Saved entries:

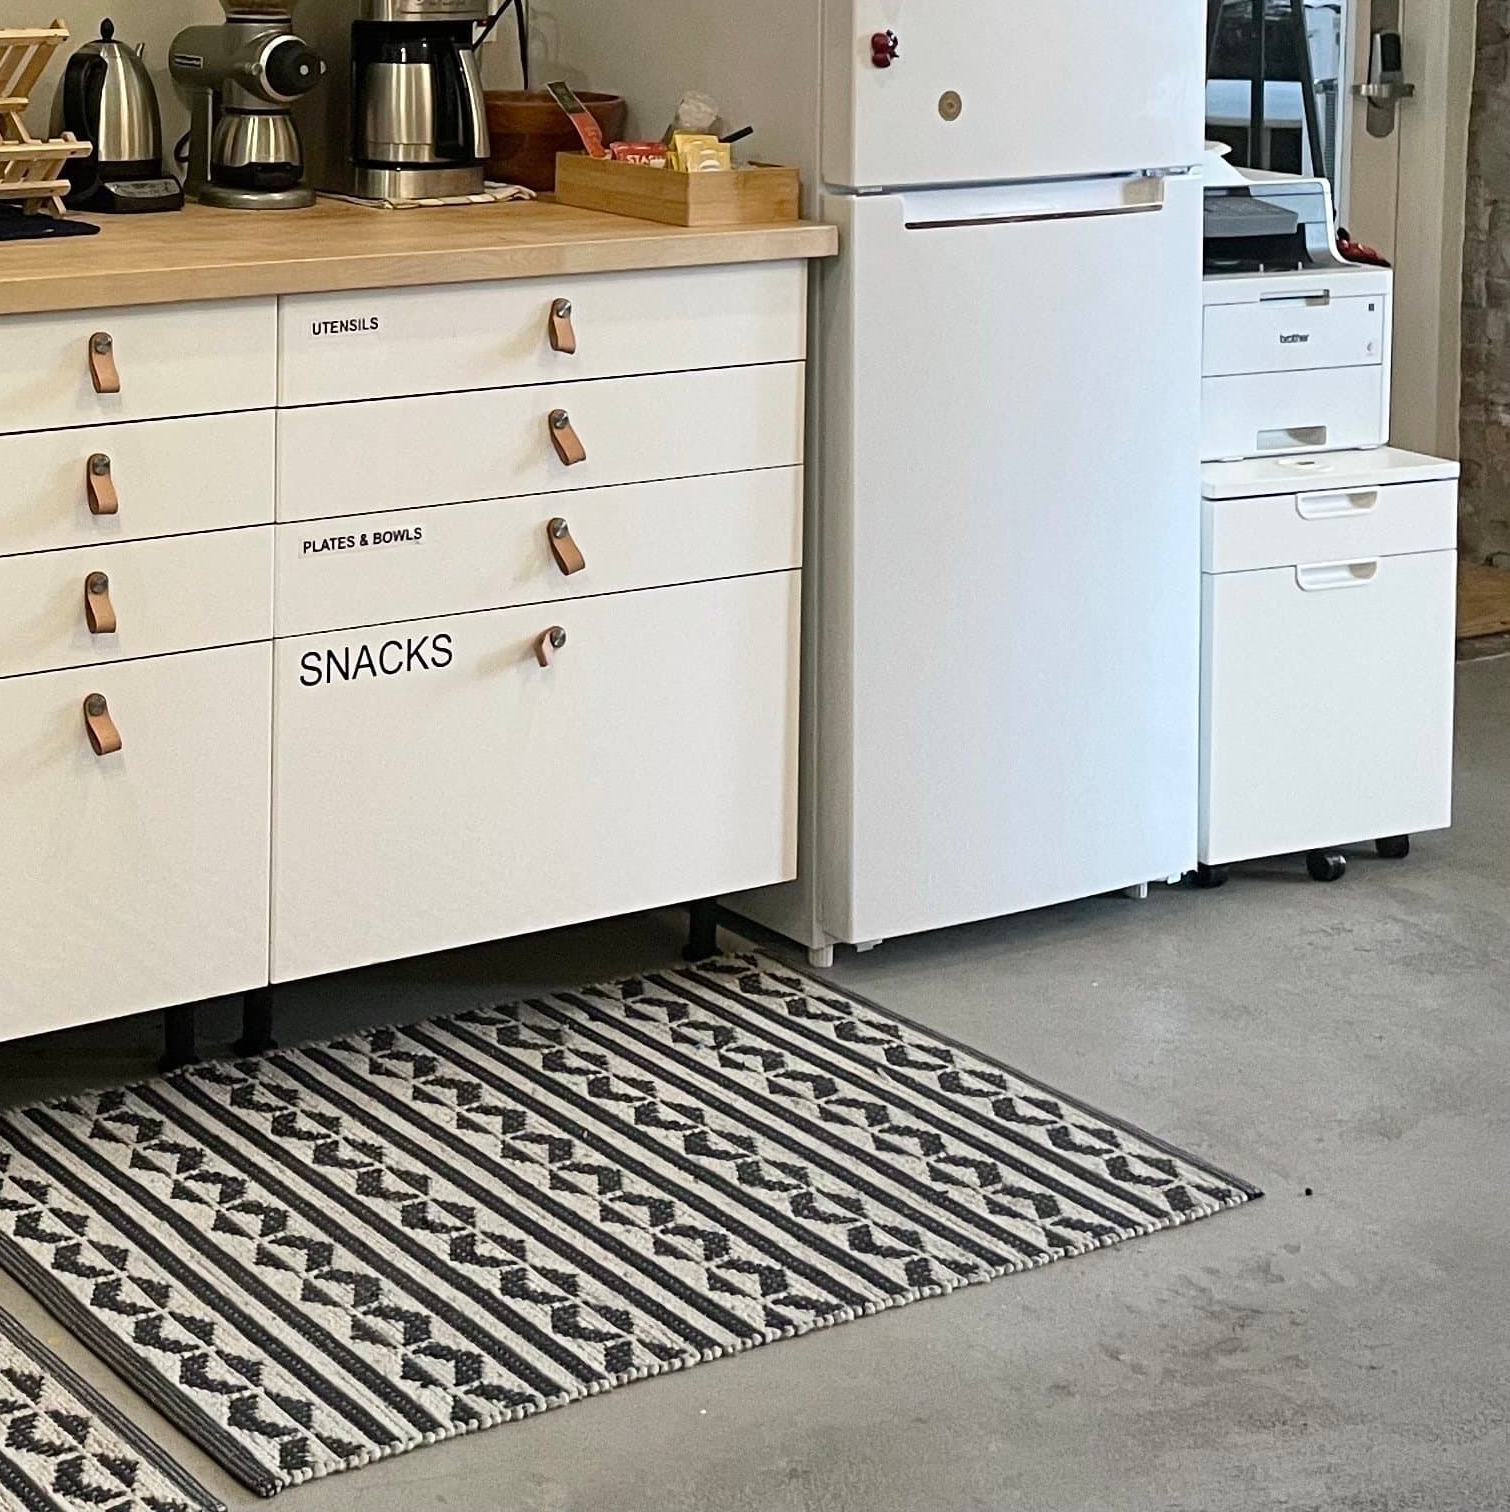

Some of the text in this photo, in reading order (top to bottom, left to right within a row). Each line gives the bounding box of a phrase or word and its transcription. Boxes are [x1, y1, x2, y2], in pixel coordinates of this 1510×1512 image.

[312, 317, 379, 335] UTENSILS
[303, 527, 423, 554] PLATES & BOWLS
[300, 633, 453, 687] SNACKS
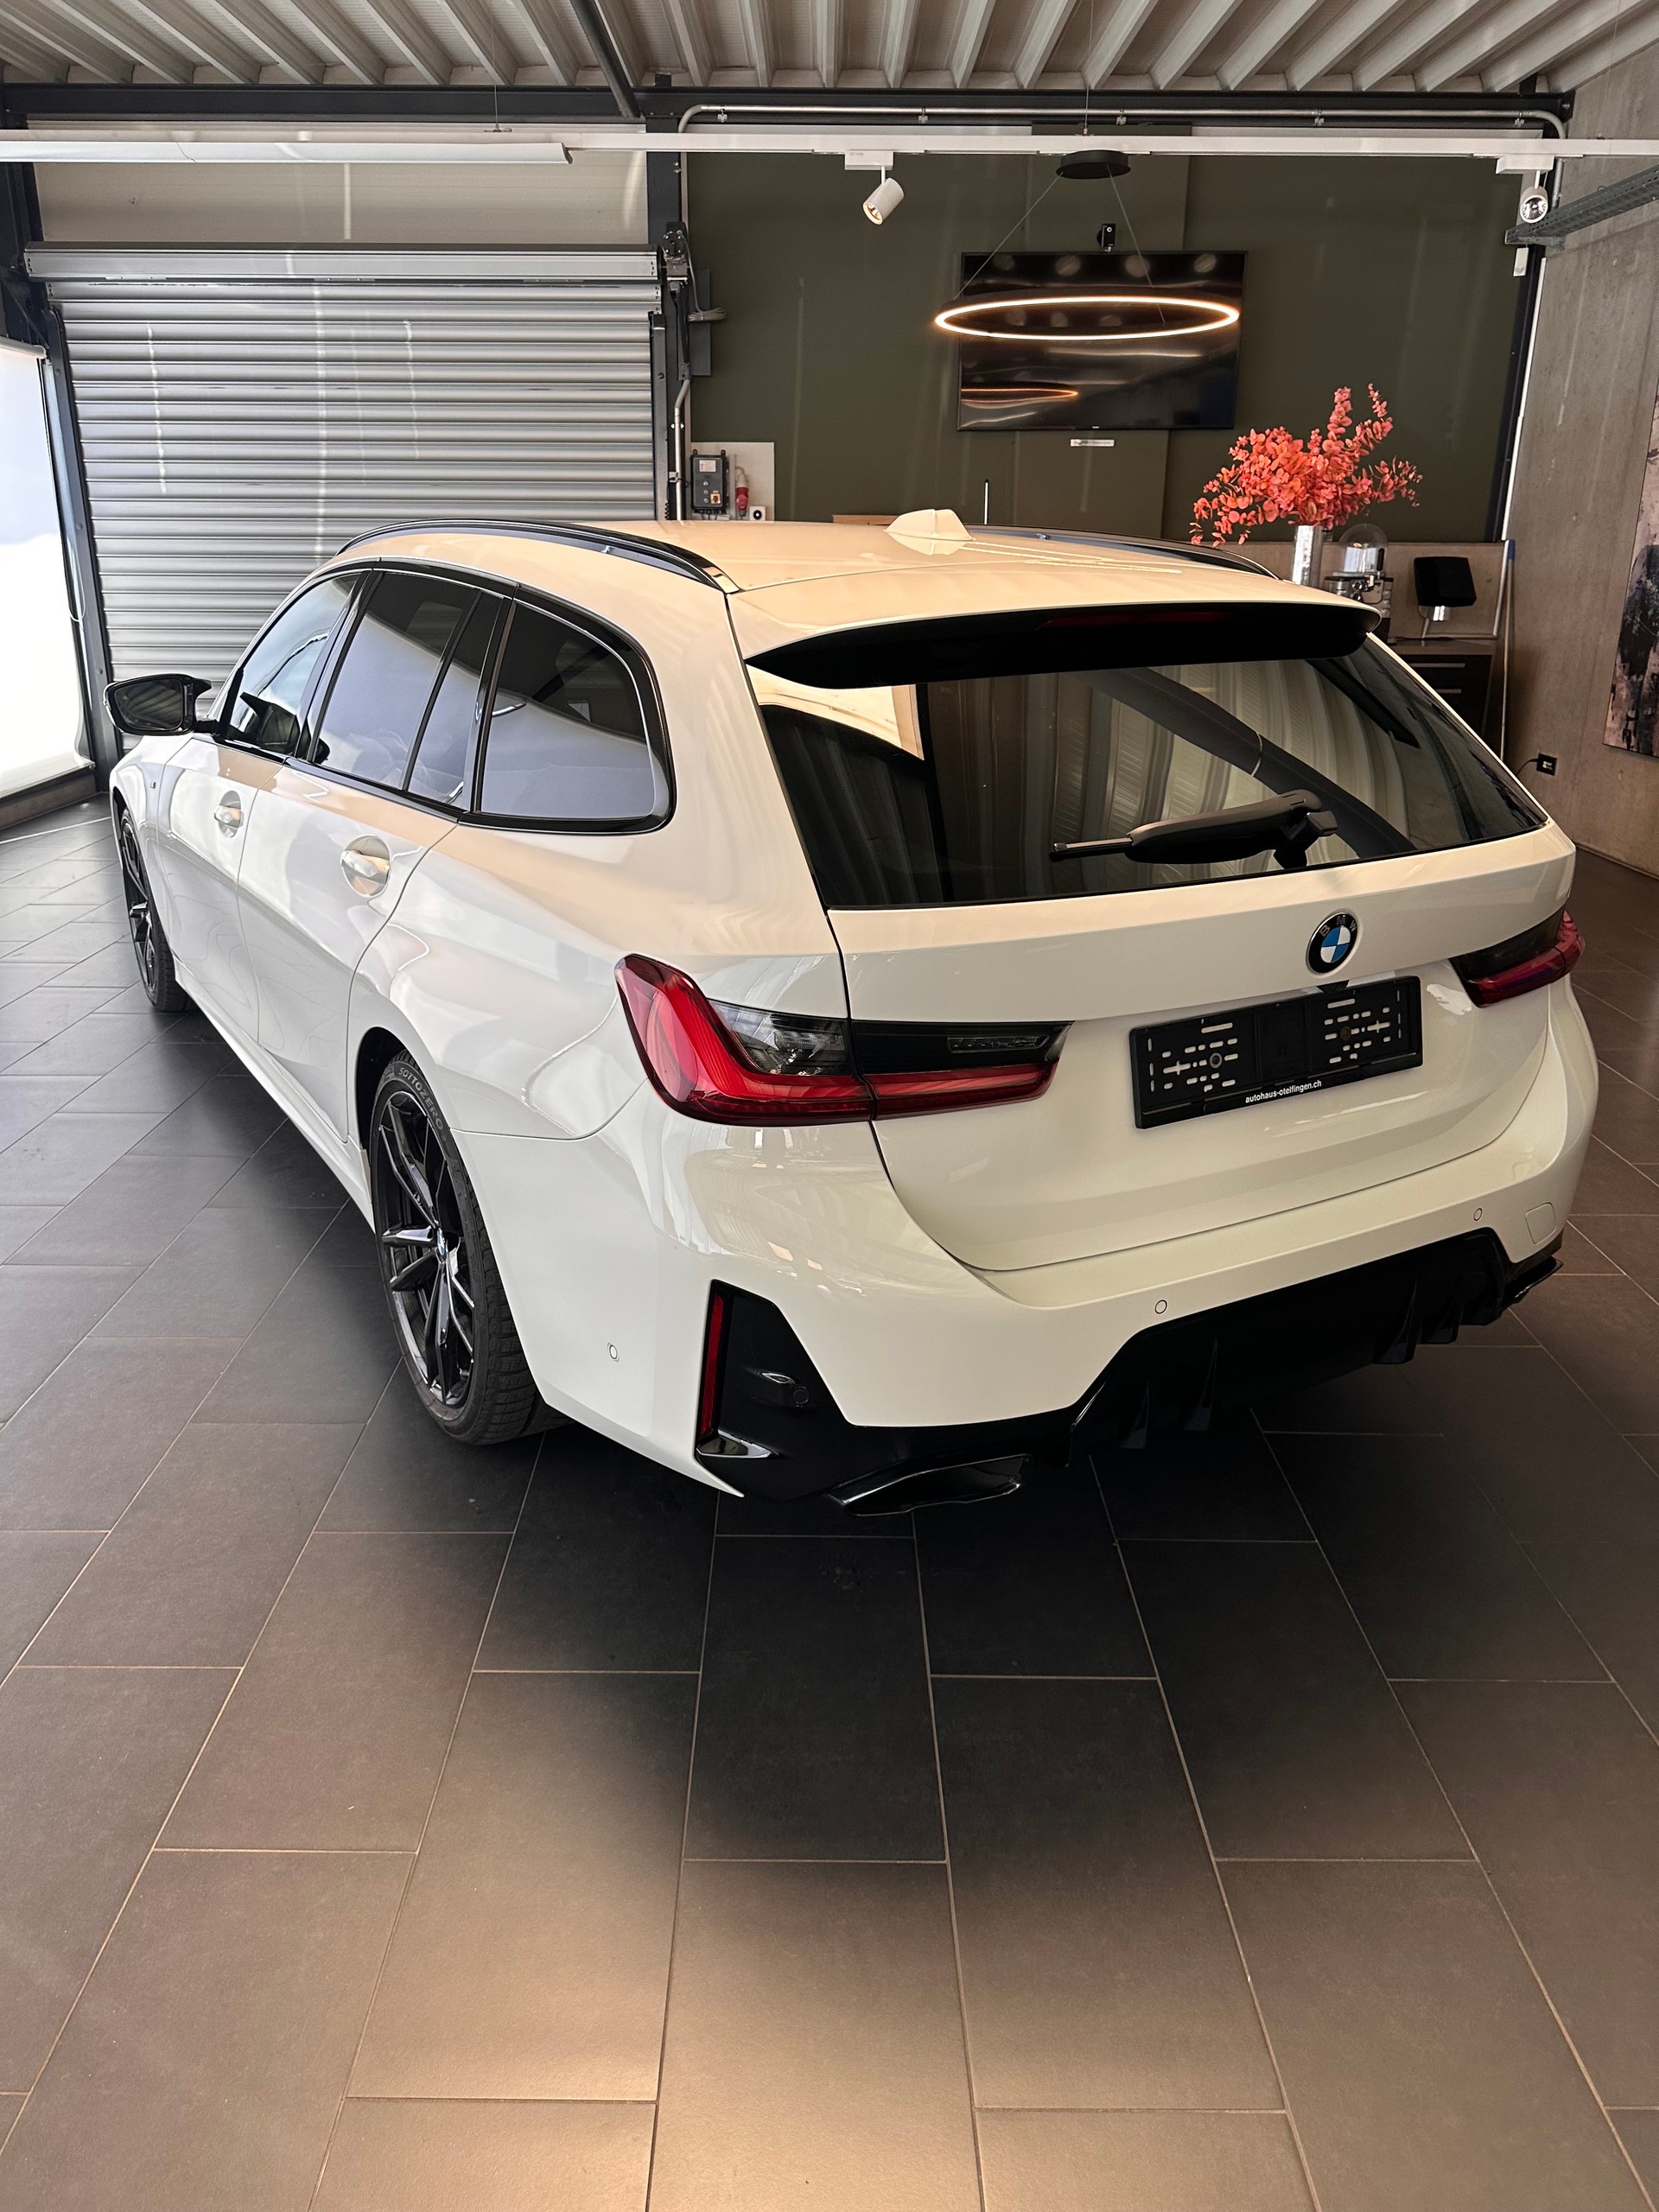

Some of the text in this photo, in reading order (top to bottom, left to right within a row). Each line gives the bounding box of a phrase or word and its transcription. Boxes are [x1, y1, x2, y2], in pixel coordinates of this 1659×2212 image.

[1319, 915, 1357, 937] BMW
[398, 1067, 444, 1130] SOTTOZERO
[1245, 1079, 1322, 1103] autohaus-otelfingen.ch
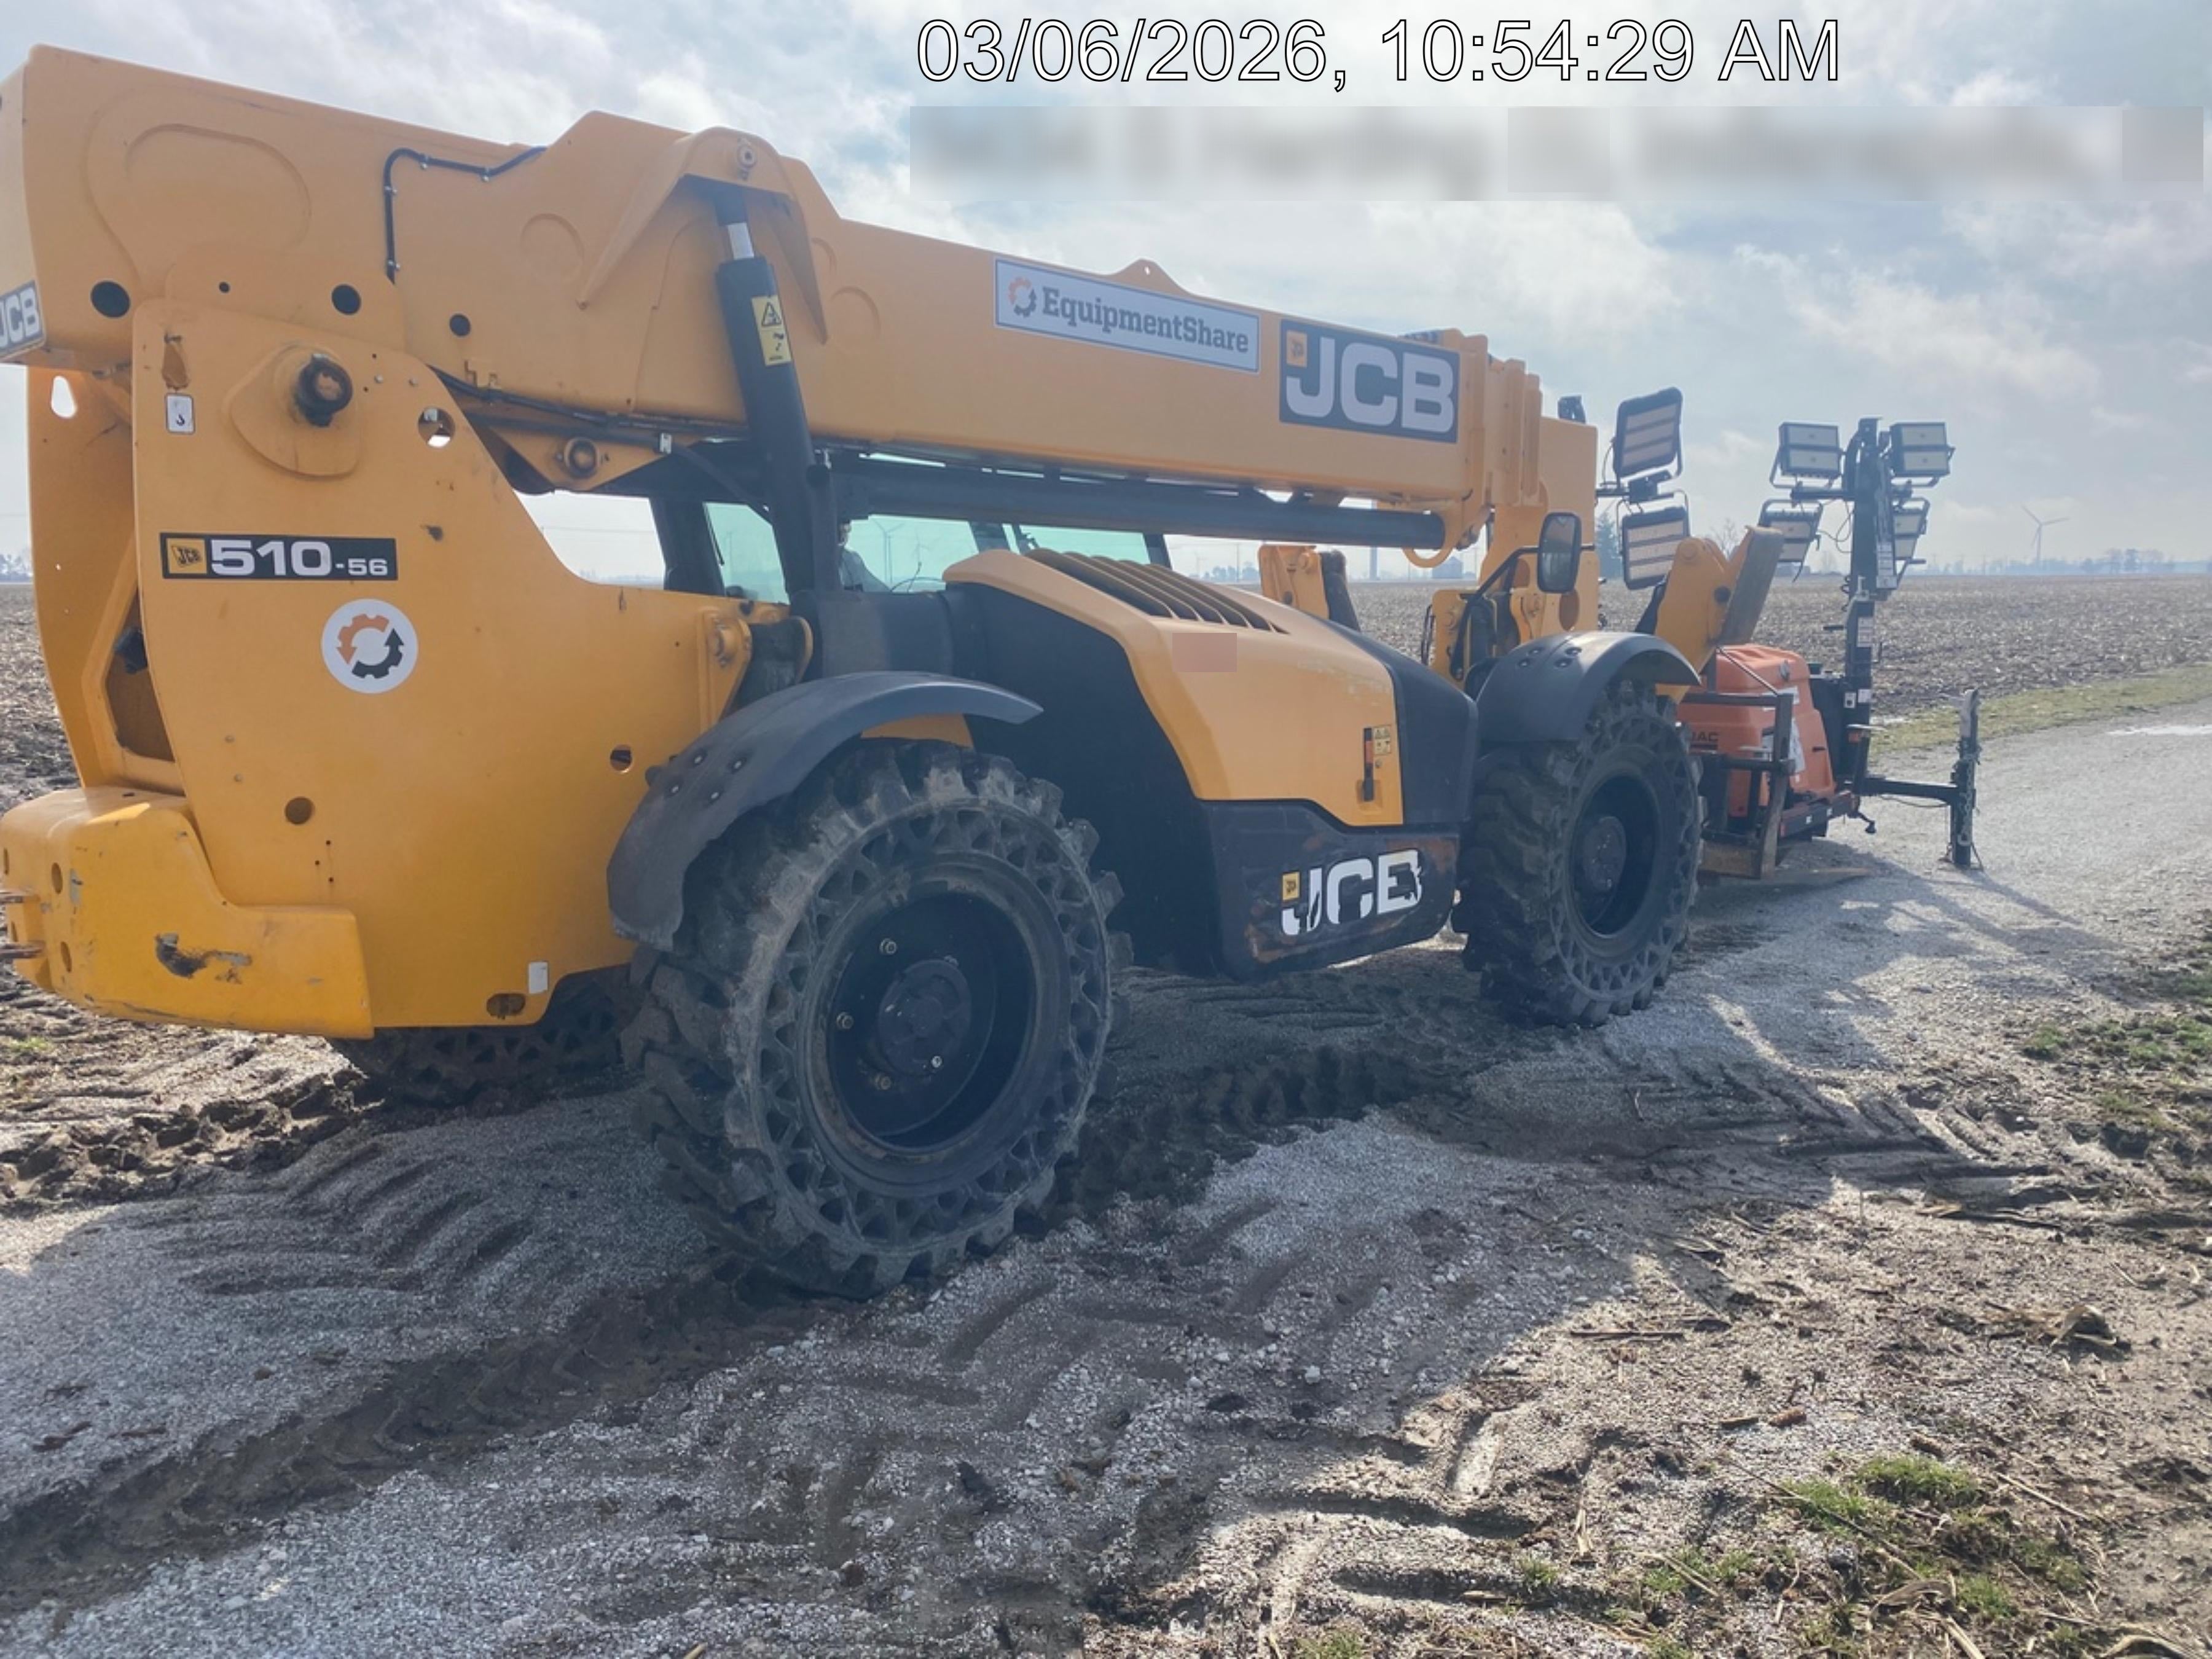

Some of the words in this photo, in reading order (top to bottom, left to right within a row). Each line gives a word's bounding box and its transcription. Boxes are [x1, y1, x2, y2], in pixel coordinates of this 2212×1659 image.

DESCRIPTION OF THE TASK
Although the records contain pictures, return only their text, exactly as written.

OUTPUT FOR THIS TASK
Some of the text in this photo, in reading order (top to bottom, left to right within a row). Each line gives the bounding box of a phrase or word and its transcription. Boxes are [x1, y1, x2, y2], in pixel coordinates of this 1510×1512 image.

[312, 317, 379, 335] UTENSILS
[303, 527, 423, 554] PLATES & BOWLS
[300, 633, 453, 687] SNACKS

Some of the text in this photo, in reading order (top to bottom, left to right within a row). Each line gives the bounding box of a phrase or word and its transcription. Boxes are [x1, y1, x2, y2], in pixel coordinates of this 1659×2212 image.

[1319, 915, 1357, 937] BMW
[398, 1067, 444, 1130] SOTTOZERO
[1245, 1079, 1322, 1103] autohaus-otelfingen.ch

Some of the words in this photo, in reading order (top to bottom, left to right within a row). Each line gives a word's bounding box and its transcription. Boxes are [x1, y1, x2, y2], in pixel coordinates of this 2212×1659 image.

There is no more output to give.